Oh, Nancy, I find my eyes well up with tears while I'm reading this. I am so sorry for this unimaginable, devastating loss for you and your family.
Please let yourself off the hook. You and your husband did the very best that you could for Titus. You are both only human. But I know that second-guessing ourselves comes naturally sometimes. Like you said, ask a cancer patient: I think, would I have gotten cancer had I left an abusive marriage sooner? No one knows.

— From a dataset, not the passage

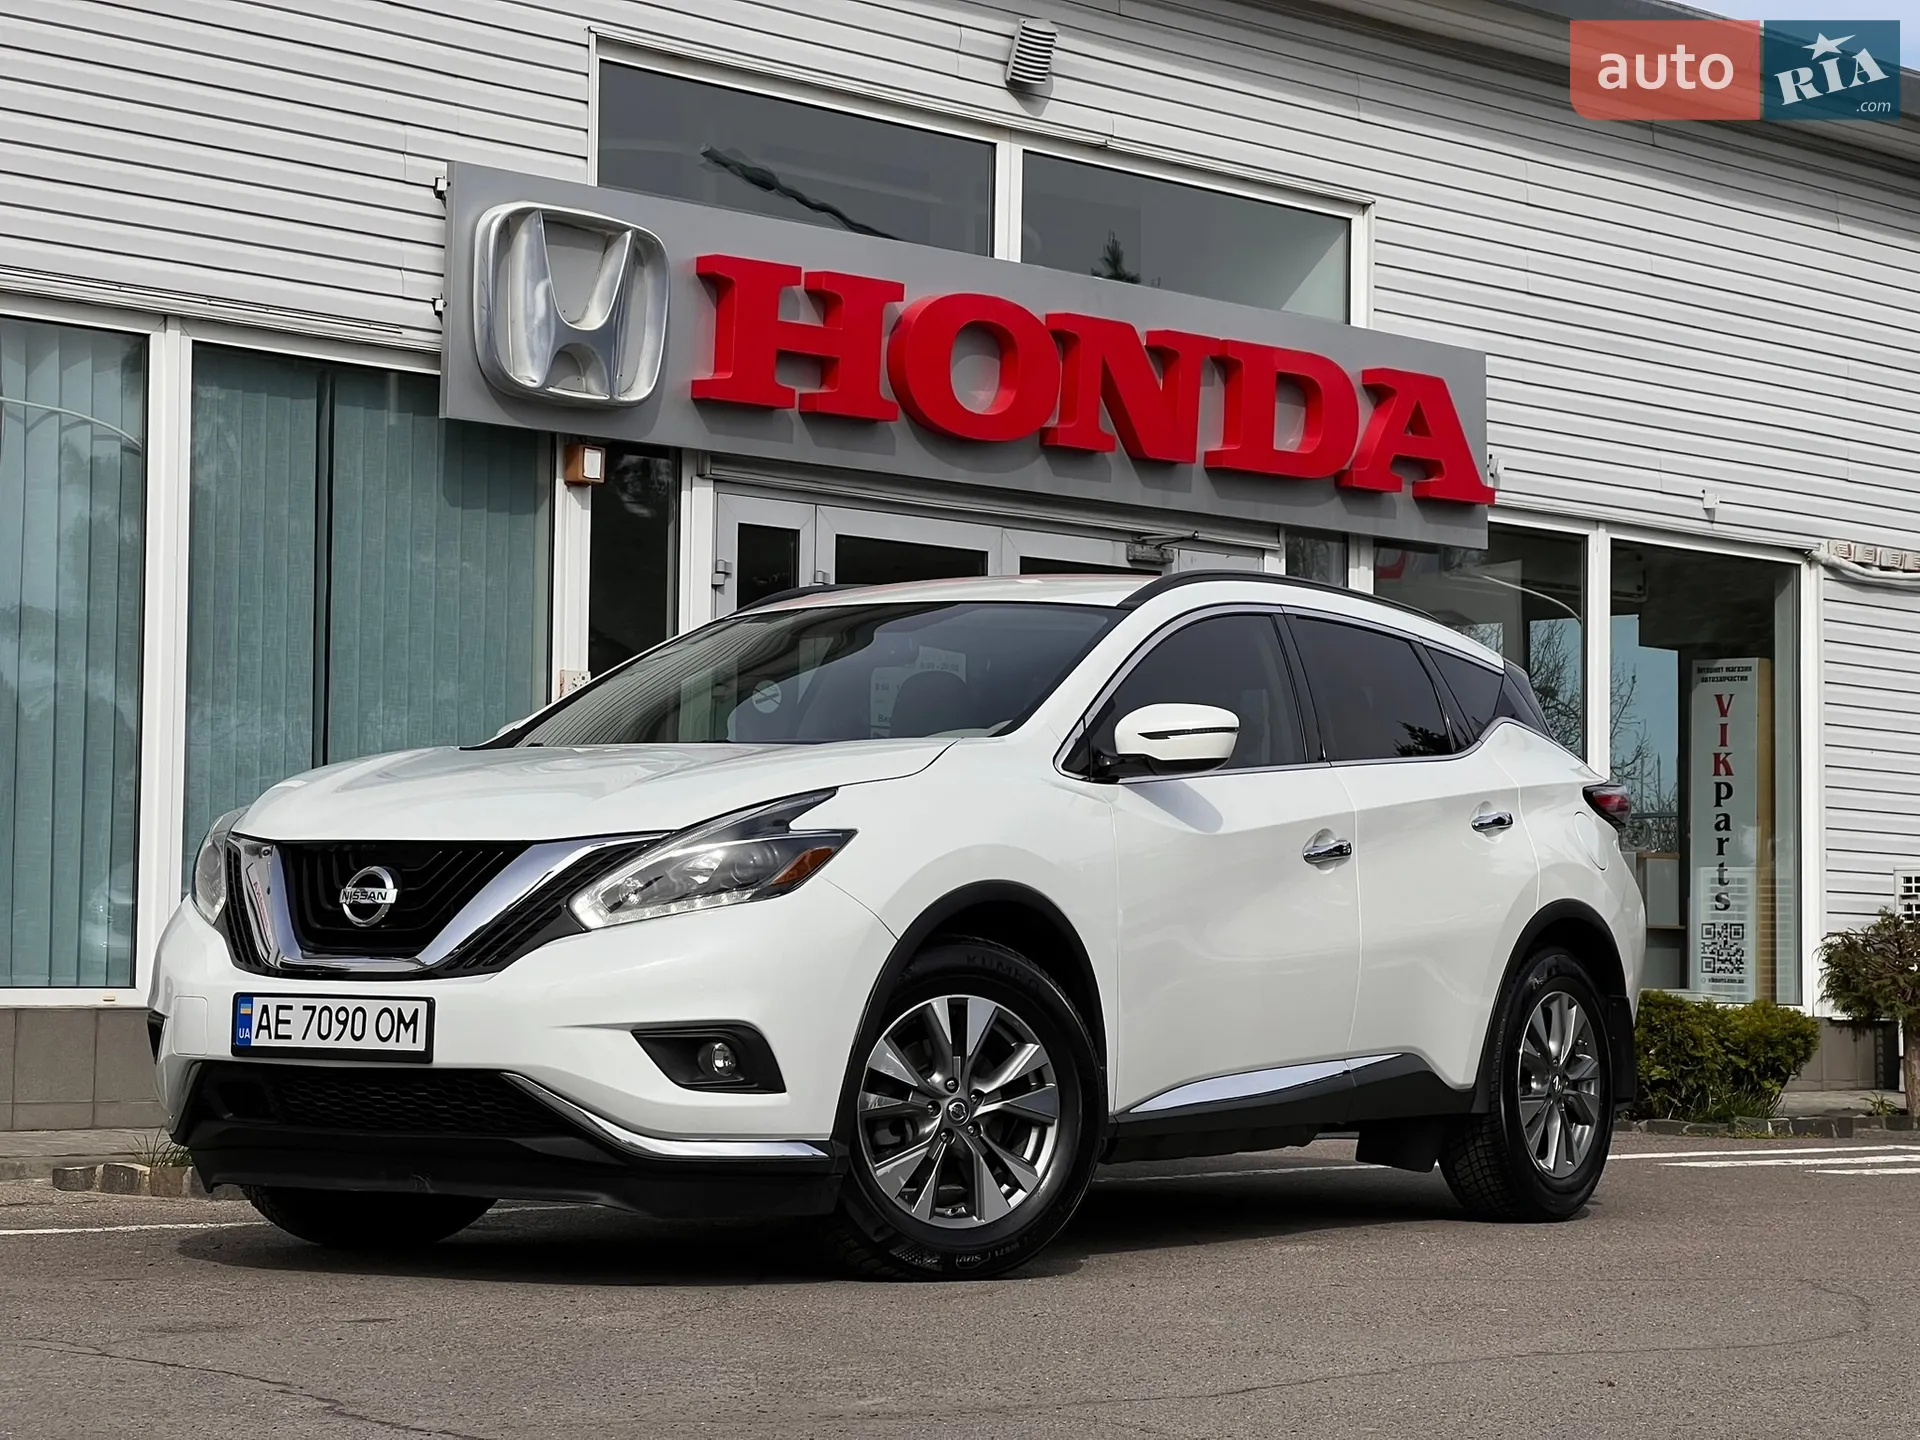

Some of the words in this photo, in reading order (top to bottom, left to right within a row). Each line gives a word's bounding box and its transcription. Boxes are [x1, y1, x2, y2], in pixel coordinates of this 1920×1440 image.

Yes, let's discuss pets. I come from a family that dislikes/hates/fears animals, with the exception of my maternal grandfather, who raised homing pigeons and loved animals. Other than him, although I am biologically related to my family, I have very little in common with them, especially in the pet arena. I grew up loving/adoring/worshipping animals despite it all -- so much that I wanted to be a veterinarian and worked a few years at an animal hospital!
I've lost several cats over the years, and it is difficult as hell to lose a pet. When my cat Cosette, whom I adopted the day after I was diagnosed with breast cancer, died, I was lost. Still am. For 15 years, she slept with me every night, all night. She comforted me when I was sick with cancer treatments. Our cat Hemi had diabetes, but he was doing well. Then he felt what we thought was just under the weather, so we brought him in. His liver values were sky high. Unexpectedly for us. We made the humane decision to put in to sleep.
Our pets are members of our family, and they give us great joy. While we have them for only a short time, relatively speaking, they are worth spending our love on. Titus died way too soon. I am so saddened by this loss. As we know, grief has no timeline. Sending love and hugs.